A carriage arrived and Grub climbed into it. There were no cars, or any other forms of motorised machinery in Klipklop, no internal combustion engines at all. Horses did the work. And women. And postmen. Everyone else sat around smoking pipes or grinning.
He was the only passenger today and he sank deeply into the padded seat. He knew this carriage would drop him near the doors of the isolated tavern and that another carriage coming the other way would convey him back to town approximately one hour later.
The carriage turned a bend and came to a sudden halt. A man blocked the road with a menacing smile, a sinister cape and mask, and a pistol that was aimed at the driver. This man approached closer, quickly opened the door and bowed rather mockingly at Grub.
“Stand and deliver!” he cried.
“But it’s my lunchtime. Can’t you come back later?”
The pistol was cocked. “No.”
Grub sighed. “Very well. If I have to do one or the other, I’ll deliver. I doubt I’m permitted to do both, as the regulations of the Postal Workers’ Union are very strict. I’ll be certain to lodge a complaint with them about this outrage. It’s my free period!”

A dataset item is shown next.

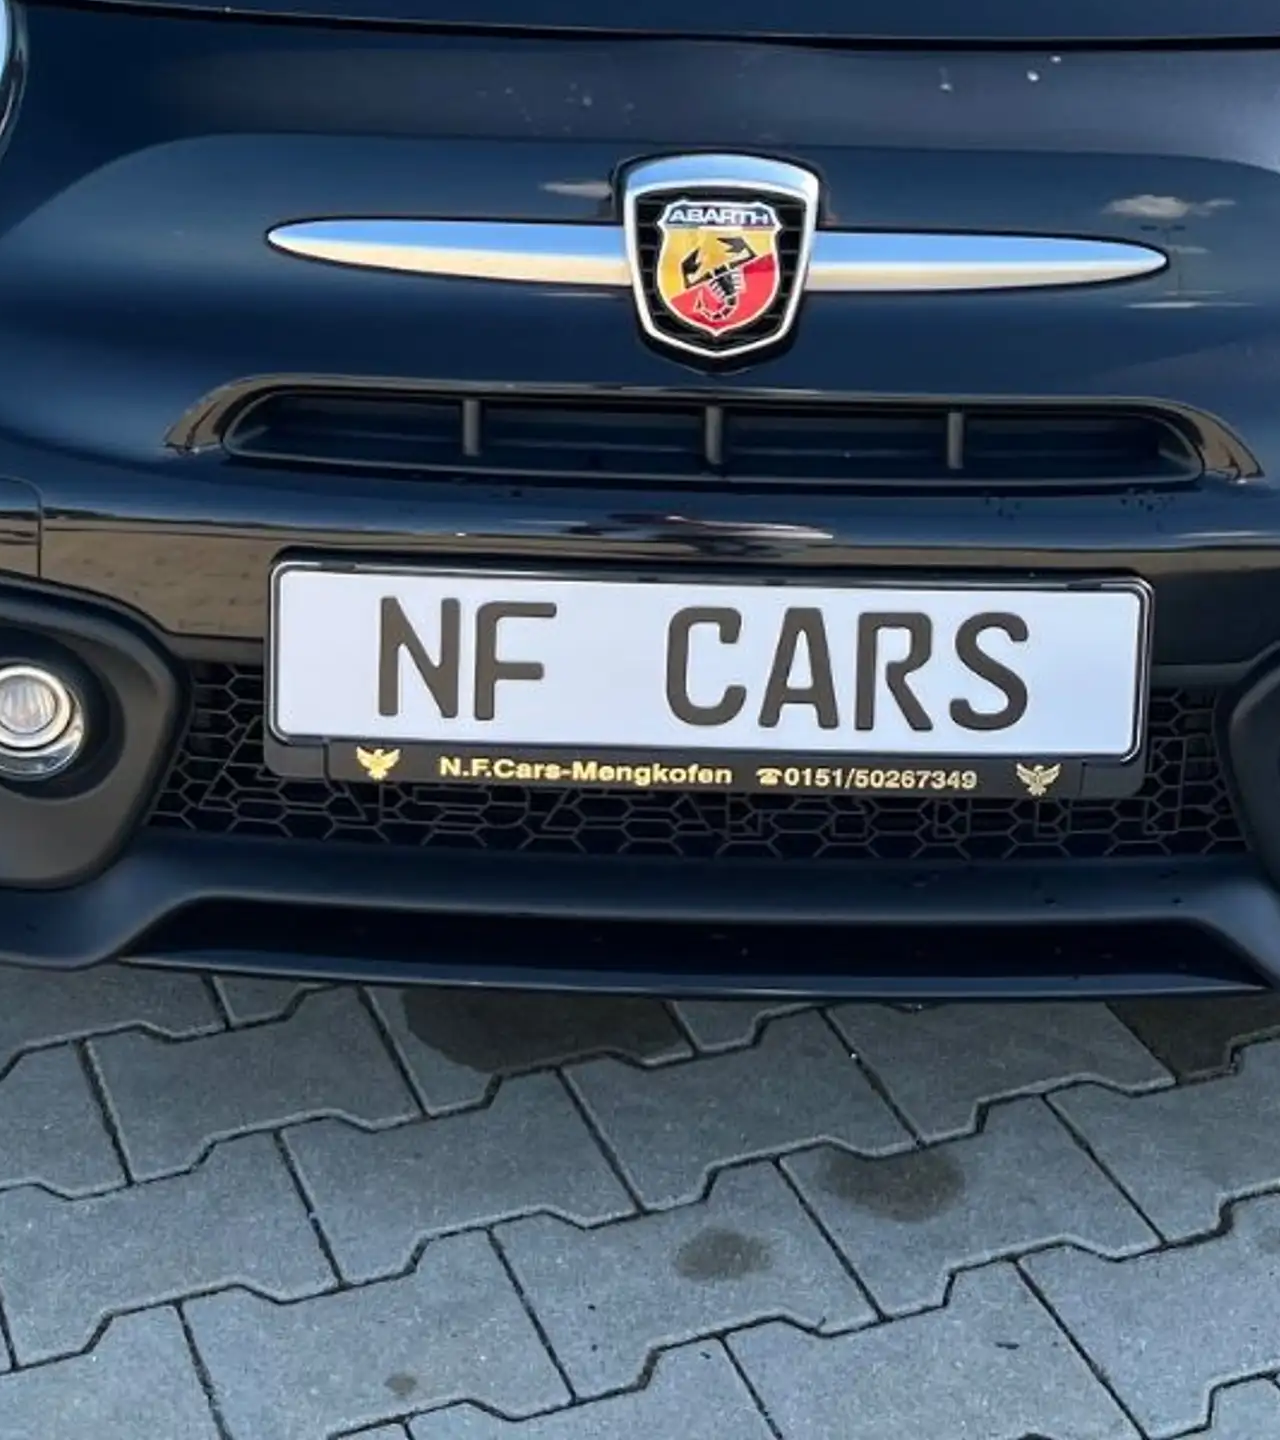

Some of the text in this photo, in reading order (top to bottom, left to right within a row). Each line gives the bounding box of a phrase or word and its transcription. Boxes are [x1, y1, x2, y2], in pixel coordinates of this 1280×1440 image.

[668, 207, 770, 226] ABARTH
[377, 595, 1029, 732] NF CARS
[438, 756, 979, 791] N.F.Cars-Mengkofen 0151/50267349

And he jumped down from the carriage and began walking back along the road towards the town, shifting his mail sack from one shoulder to the other as he went. The highwayman was too flabbergasted to discharge his gun at him and merely watched him go.
Grub sighed and grumbled and cursed as he reached the town and then he proceeded to deliver all the remaining letters in his sack. He went up a granite stairway and down a twisting cobbled alley. Finally, he had to stop in front of a tall blue house and ring the bell.
A man opened the door and blinked at Grub who blinked back. “I have a parcel for you,” said Grub. “It’s too big to slide under your door. In fact it’s the biggest parcel I’ve ever carried.”